Dragonair's service and branding has been intentionally stunted in order to provide segmentation between Dragonair and Cathay. Until recently, this strategy has been permissible as Dragonair's main competitors, mainland Chinese carriers, have networks and frequency that are much smaller; branding that is lower profile than Dragonair's; and weak international marketing, focussing instead on the outbound Chinese market.

Hong Kong Airlines took advantage of the gap by providing flights between Hong Kong and mainland China (and greater Asia) that are more or less the same as Dragonair but with more up-to-date aircraft, products and branding. Dragonair in the middle of last decade, prior to Cathay assuming full control, was planning a much-needed cabin refresh, but after the Cathay takeover the project was scrapped to maintain segmentation.

The project – Dragonair's first-ever product upgrade – is now back on as Dragonair confronts a series of changes in the market, including Hong Kong Airlines' more modern look, mainland carriers stepping up their own product and marketing, and greater partnerships from mainland carriers (China Eastern with Hong Kong Airlines, and possibly Qantas too in due course).

Dragonair CEO Patrick Yeung, speaking to CAPA at the Association of Asia Pacific Airlines Assembly of Presidents in Kuala Lumpur on 09-Nov-2012, said the product in both premium and economy classes will be updated on both narrowbody and widebody aircraft. As of 30-Jun-2012 Dragonair operated 13 A320s, six A321s and 16 A330s. The product upgrade will be accompanied with a new uniform to be introduced in spring 2013.
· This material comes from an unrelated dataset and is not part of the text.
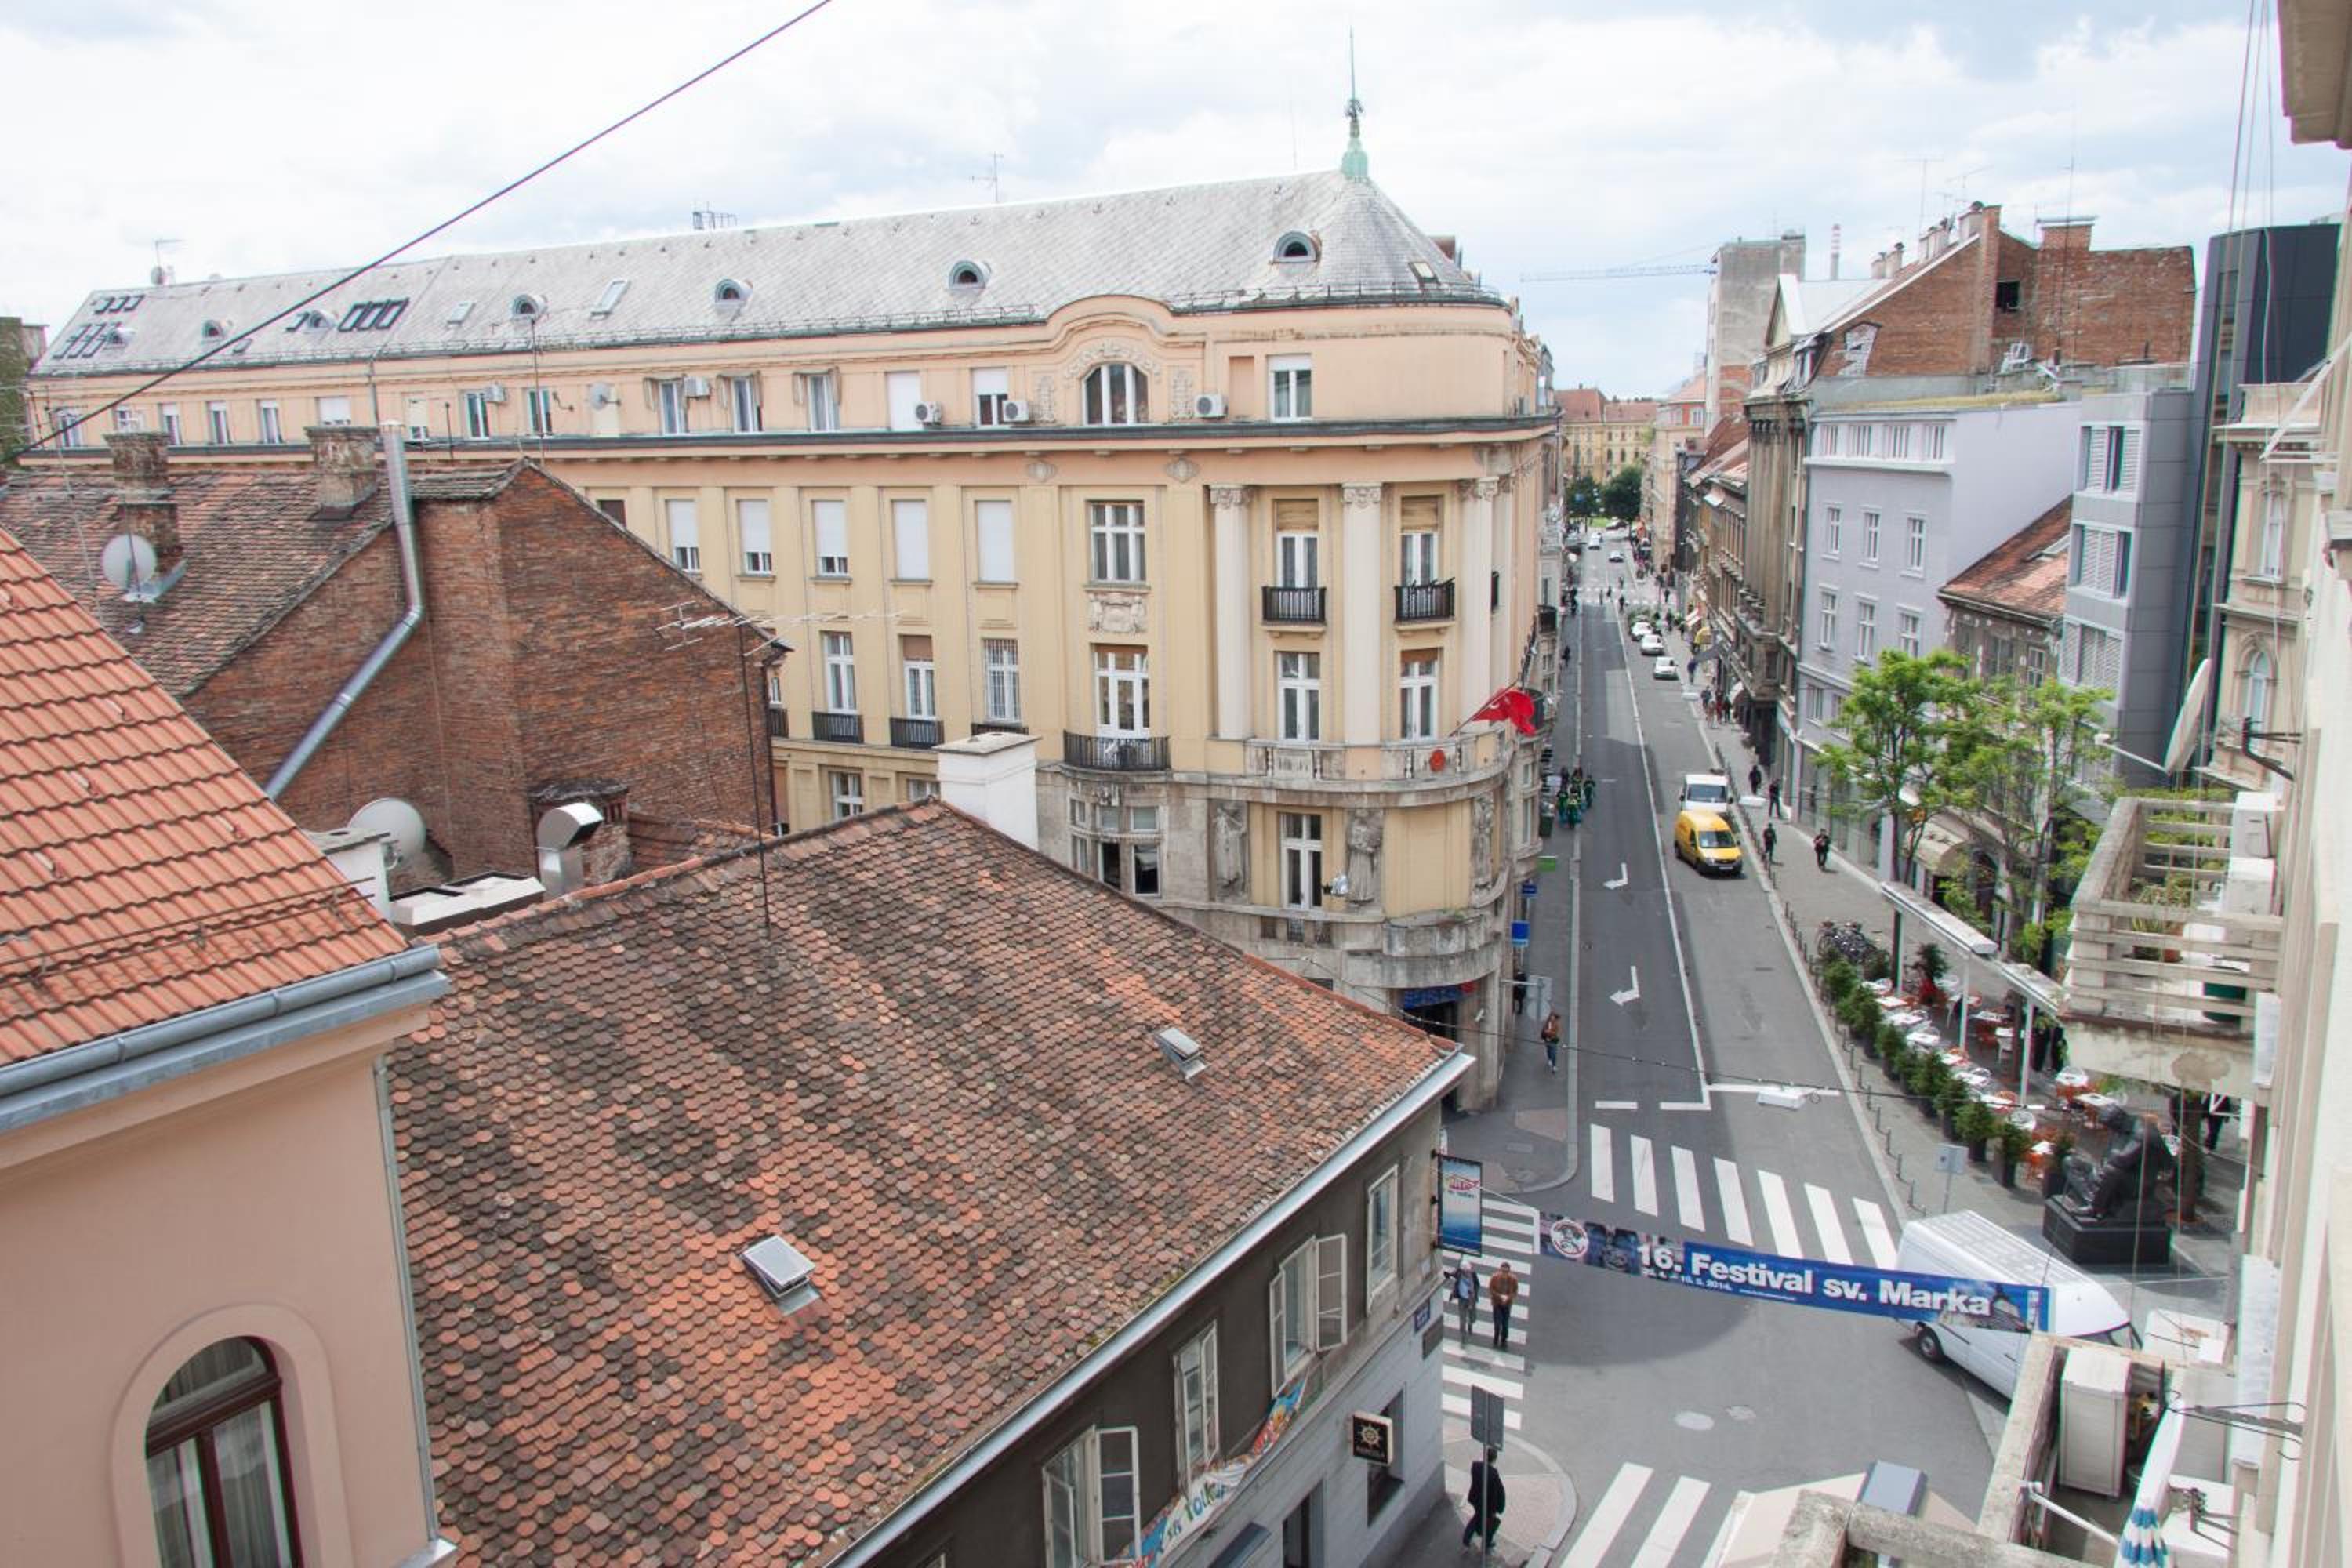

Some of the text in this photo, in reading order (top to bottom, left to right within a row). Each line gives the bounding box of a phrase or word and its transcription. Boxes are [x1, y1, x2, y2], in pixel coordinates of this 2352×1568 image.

A global lesson: LCCs fundamentally change markets

The Hong Kong-mainland China market is representative of the larger situation in North Asia, where lower-cost carriers (from Hong Kong Airlines to Skymark) and dedicated low-cost airlines (from Spring to the new startups in Japan) are challenging what has become a very stagnant order.

The LCCs are well-versed in plotting potential and seeing the affects of their peers in other markets, but the high-cost incumbents do not share this knowledge – or choose to ignore it. The global lesson is short: once they enter, LCCs cannot be unscrambled. Spring’s expansion in the Hong Kong-mainland China market maybe on a handful of routes with no more than one flight a day, but this will surely be expanded. Spring sees its potential and has the platform for growth. The question is if its competitors can say the same.